= Exercise input =
=== Begin Enclosure ===

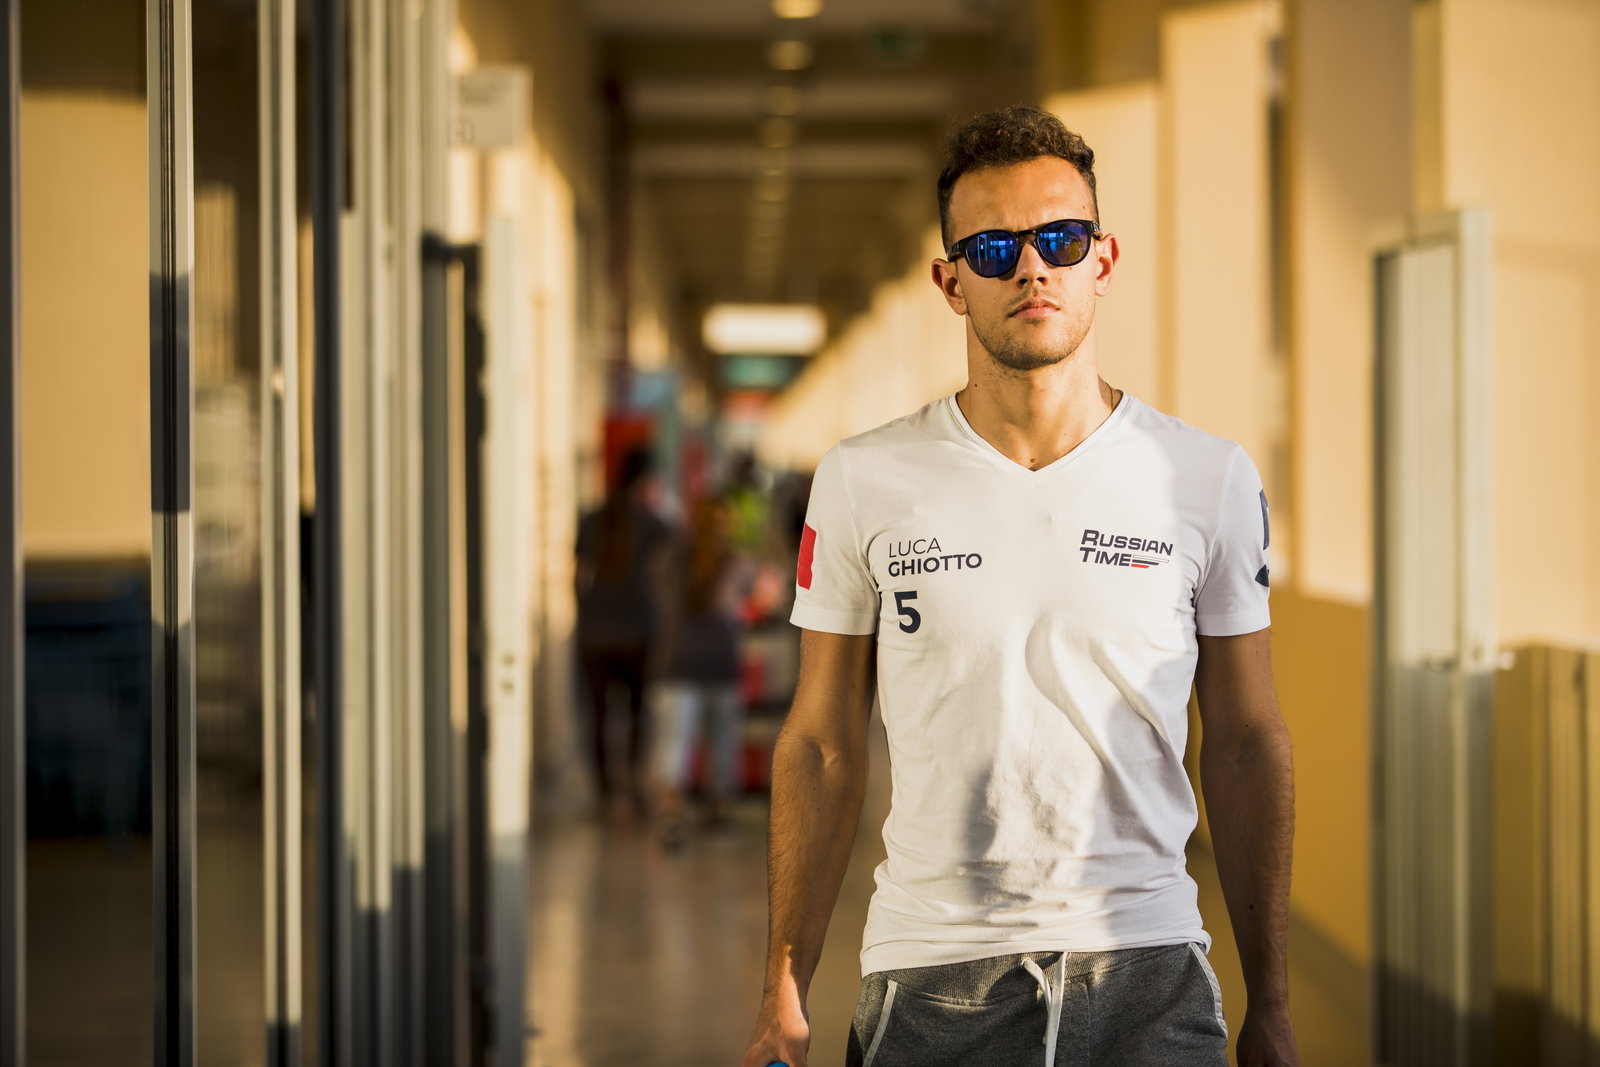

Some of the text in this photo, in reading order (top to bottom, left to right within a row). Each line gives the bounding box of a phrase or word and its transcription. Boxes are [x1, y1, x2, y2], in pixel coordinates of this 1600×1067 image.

[888, 537, 942, 558] LUCA
[1080, 529, 1174, 556] RUSSIAN
[888, 553, 983, 577] GHIOTTO
[1079, 546, 1132, 567] TIME
[893, 590, 922, 634] 5
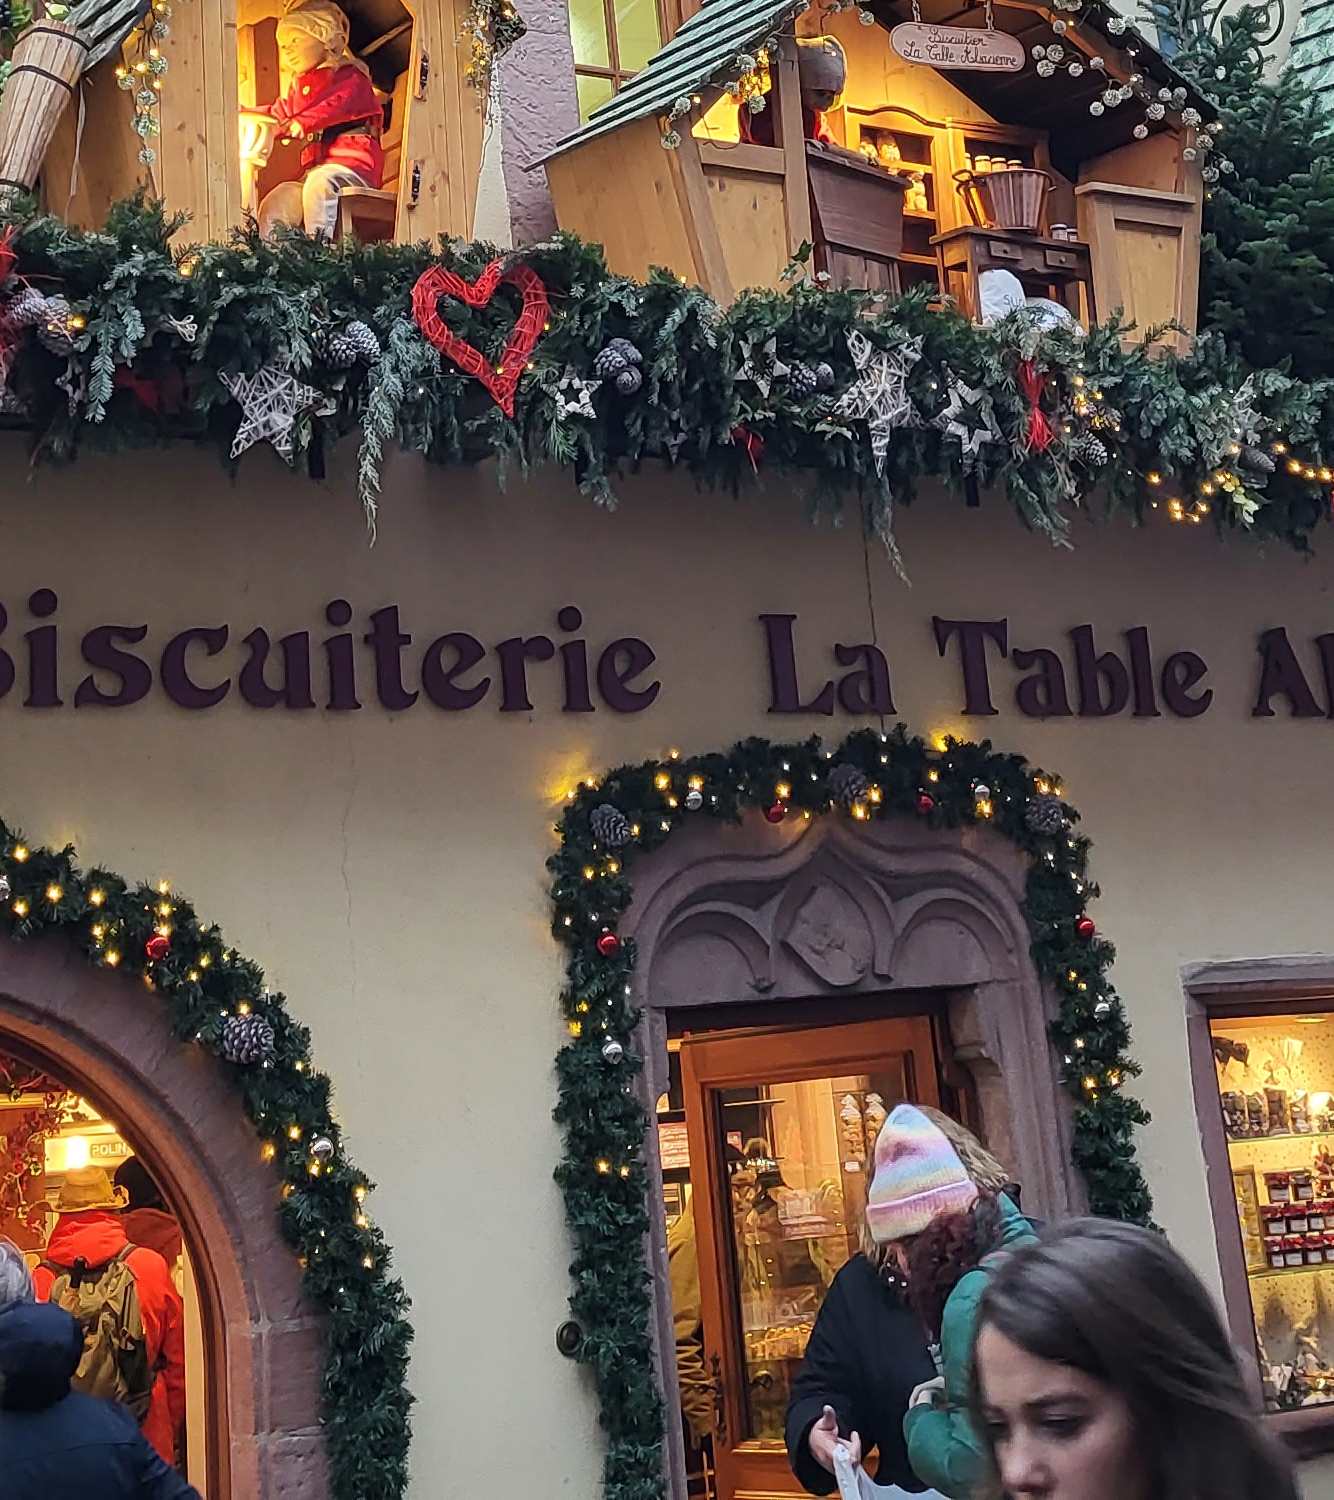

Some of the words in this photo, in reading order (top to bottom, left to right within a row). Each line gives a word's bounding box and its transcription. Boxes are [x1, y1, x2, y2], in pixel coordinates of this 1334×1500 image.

[928, 26, 988, 47] Biscuitier
[903, 40, 924, 59] La
[925, 44, 956, 63] Table
[960, 49, 1018, 67] Alsacienne
[757, 613, 897, 717] La
[931, 617, 1214, 719] Table
[92, 1142, 127, 1156] POLIN
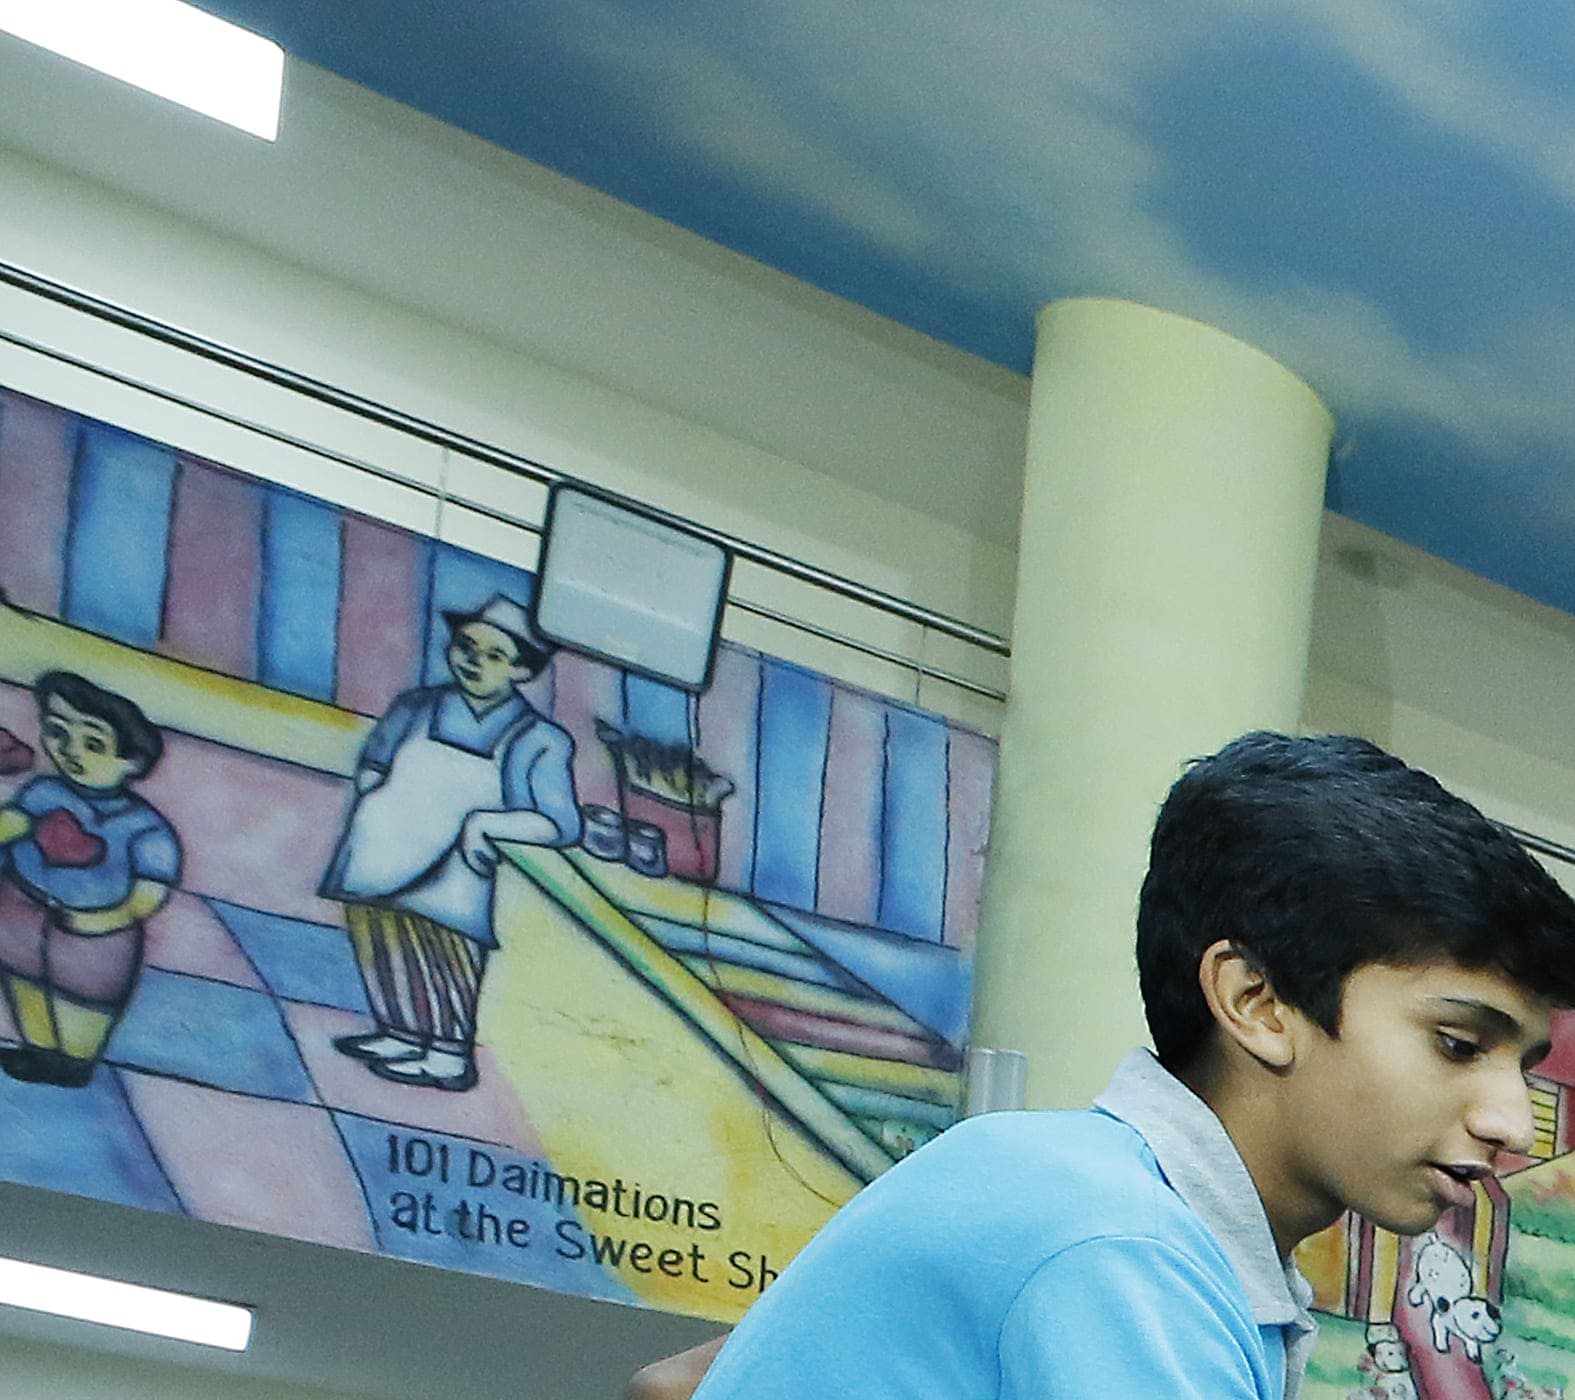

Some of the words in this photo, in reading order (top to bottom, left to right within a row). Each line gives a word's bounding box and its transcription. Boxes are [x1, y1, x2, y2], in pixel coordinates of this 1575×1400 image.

[387, 1134, 450, 1183] 101
[391, 1191, 442, 1236] at
[449, 1199, 531, 1248] the
[555, 1220, 711, 1283] Sweet
[728, 1250, 780, 1293] Sh

=== End Enclosure ===

= Exercise =
What is needed is a word-for-word restatement of the lines from the one holding "this 1334×1500 image." to the final line of the data above, inclusive, without any pictures.

= Result for this task =
Some of the words in this photo, in reading order (top to bottom, left to right within a row). Each line gives a word's bounding box and its transcription. Boxes are [x1, y1, x2, y2], in pixel coordinates of this 1334×1500 image.

[928, 26, 988, 47] Biscuitier
[903, 40, 924, 59] La
[925, 44, 956, 63] Table
[960, 49, 1018, 67] Alsacienne
[757, 613, 897, 717] La
[931, 617, 1214, 719] Table
[92, 1142, 127, 1156] POLIN

Some of the words in this photo, in reading order (top to bottom, left to right within a row). Each line gives a word's bounding box and its transcription. Boxes are [x1, y1, x2, y2], in pixel coordinates of this 1575×1400 image.

[387, 1134, 450, 1183] 101
[391, 1191, 442, 1236] at
[449, 1199, 531, 1248] the
[555, 1220, 711, 1283] Sweet
[728, 1250, 780, 1293] Sh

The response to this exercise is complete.